> **About this exercise**
All pictures are to be excluded when the data below is output verbatim.

> **Task input**
-- Opening Marker --

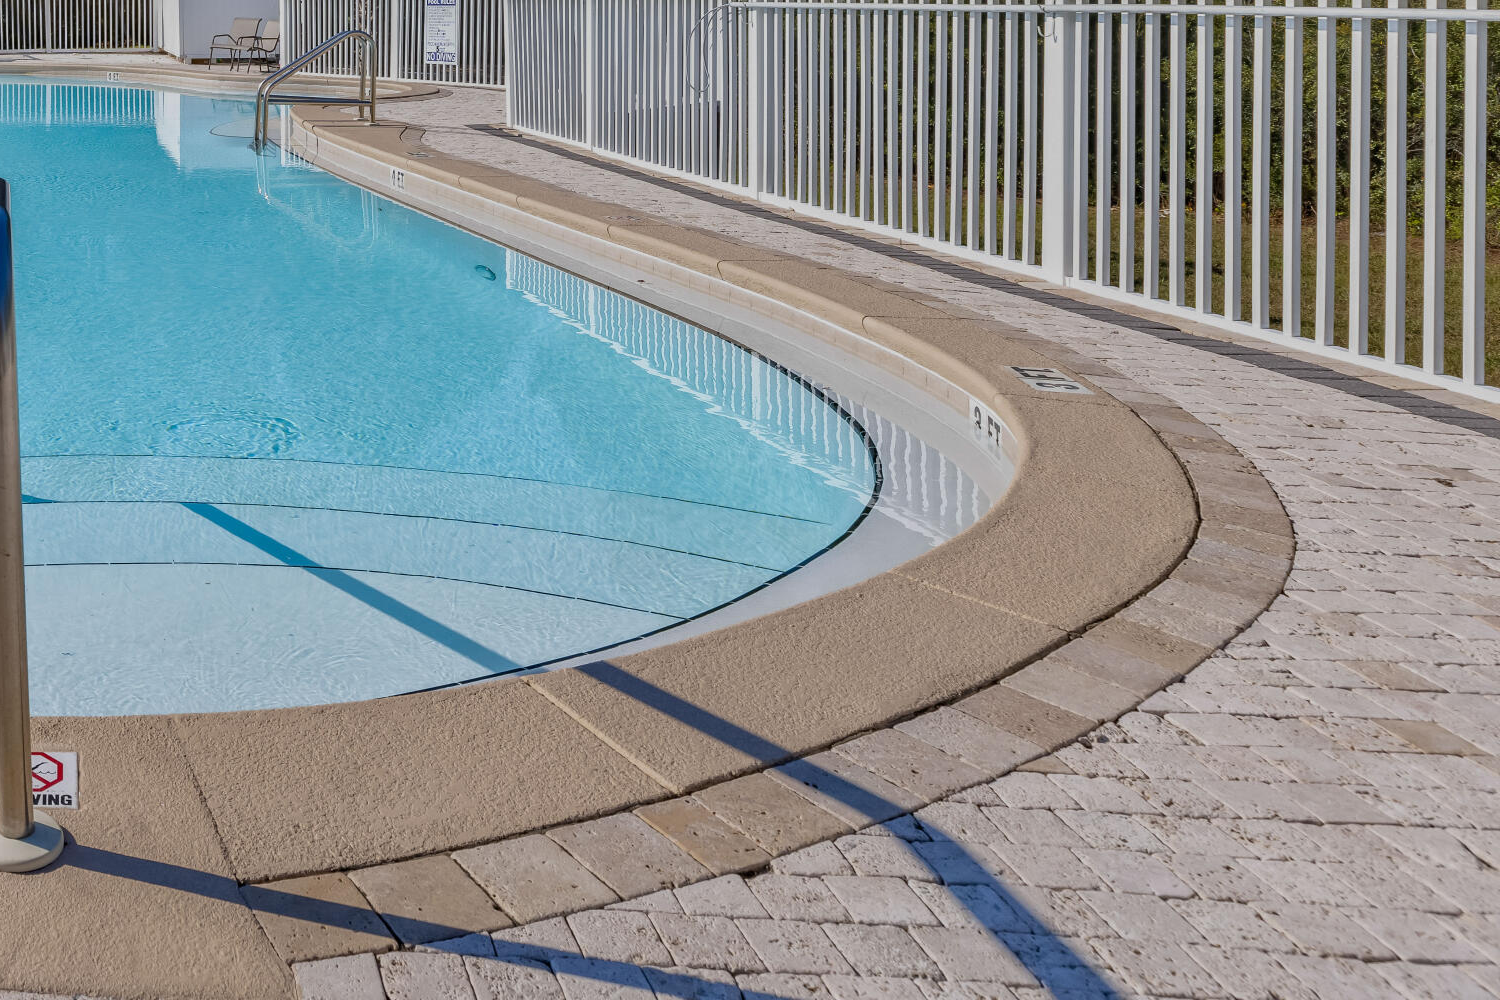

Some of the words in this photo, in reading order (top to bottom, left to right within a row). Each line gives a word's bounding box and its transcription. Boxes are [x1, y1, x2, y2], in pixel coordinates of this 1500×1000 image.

[426, 52, 435, 61] NO
[436, 52, 456, 62] DIVING
[1010, 366, 1066, 380] FT
[1035, 382, 1080, 390] 3
[32, 794, 73, 806] VING

-- Closing Marker --

> **The completed task**
Some of the words in this photo, in reading order (top to bottom, left to right within a row). Each line gives a word's bounding box and its transcription. Boxes are [x1, y1, x2, y2], in pixel coordinates of this 1500×1000 image.

[426, 52, 435, 61] NO
[436, 52, 456, 62] DIVING
[1010, 366, 1066, 380] FT
[1035, 382, 1080, 390] 3
[32, 794, 73, 806] VING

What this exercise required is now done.